══ Given information

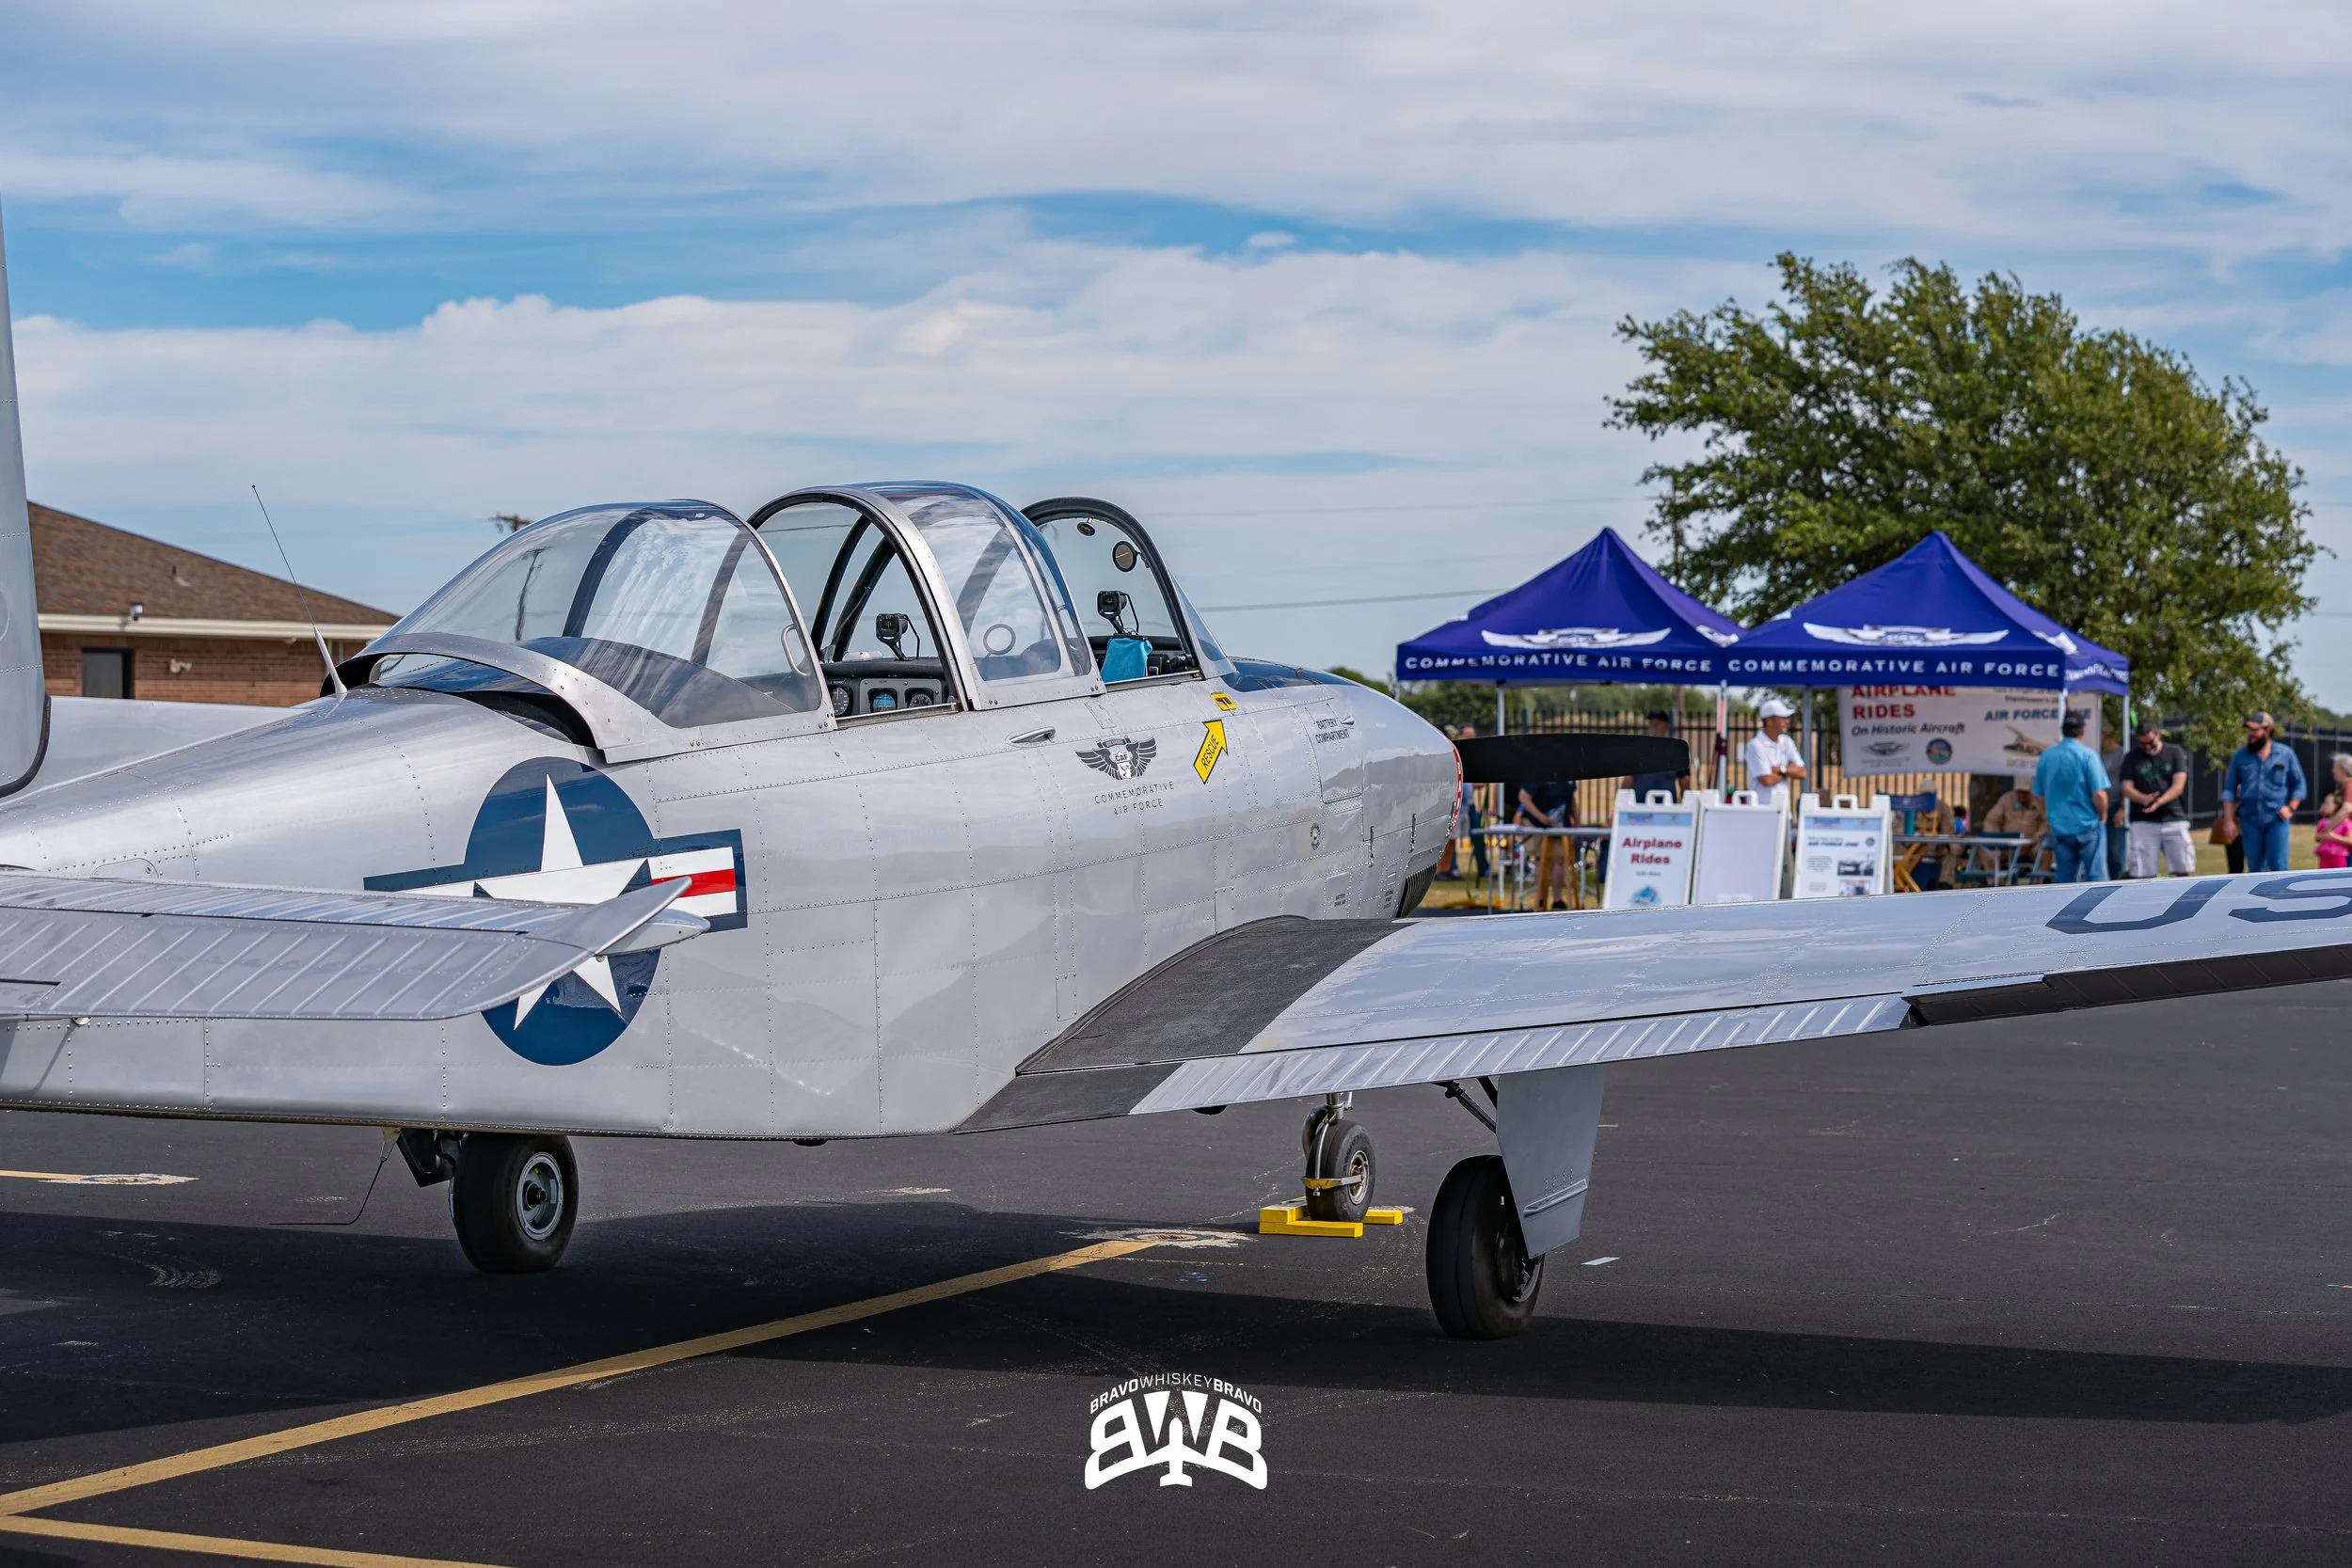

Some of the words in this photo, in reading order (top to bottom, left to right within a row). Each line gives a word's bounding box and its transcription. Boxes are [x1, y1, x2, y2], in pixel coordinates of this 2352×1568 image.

[1405, 654, 1589, 670] COMMEMORATIVE
[1597, 656, 1632, 669] AIR
[1642, 657, 1712, 673] FORCE
[1727, 658, 1926, 673] COMMEMORATIVE
[1935, 660, 1974, 674] AIR
[1984, 662, 2059, 677] FORCE
[1851, 704, 1915, 720] RIDES
[1984, 709, 2010, 721] AIR
[2012, 707, 2058, 721] FORCE
[1316, 718, 1338, 730] BATTERY
[1851, 725, 1869, 736] On
[1870, 723, 1917, 736] Historic
[1920, 722, 1965, 736] Aircraft
[1115, 753, 1128, 762] CAF
[1200, 734, 1219, 769] RESCUE
[1094, 781, 1175, 804] COMMEMORATIVE
[1114, 804, 1129, 816] AIR
[1133, 798, 1164, 812] FORCE
[1622, 836, 1683, 850] Airplane
[1630, 853, 1671, 865] Rides

════

* [The task]
Please retype the data exactly as it appears, but without any of its pictures.

* [Solution for this problem]
Some of the words in this photo, in reading order (top to bottom, left to right within a row). Each line gives a word's bounding box and its transcription. Boxes are [x1, y1, x2, y2], in pixel coordinates of this 2352×1568 image.

[1405, 654, 1589, 670] COMMEMORATIVE
[1597, 656, 1632, 669] AIR
[1642, 657, 1712, 673] FORCE
[1727, 658, 1926, 673] COMMEMORATIVE
[1935, 660, 1974, 674] AIR
[1984, 662, 2059, 677] FORCE
[1851, 704, 1915, 720] RIDES
[1984, 709, 2010, 721] AIR
[2012, 707, 2058, 721] FORCE
[1316, 718, 1338, 730] BATTERY
[1851, 725, 1869, 736] On
[1870, 723, 1917, 736] Historic
[1920, 722, 1965, 736] Aircraft
[1115, 753, 1128, 762] CAF
[1200, 734, 1219, 769] RESCUE
[1094, 781, 1175, 804] COMMEMORATIVE
[1114, 804, 1129, 816] AIR
[1133, 798, 1164, 812] FORCE
[1622, 836, 1683, 850] Airplane
[1630, 853, 1671, 865] Rides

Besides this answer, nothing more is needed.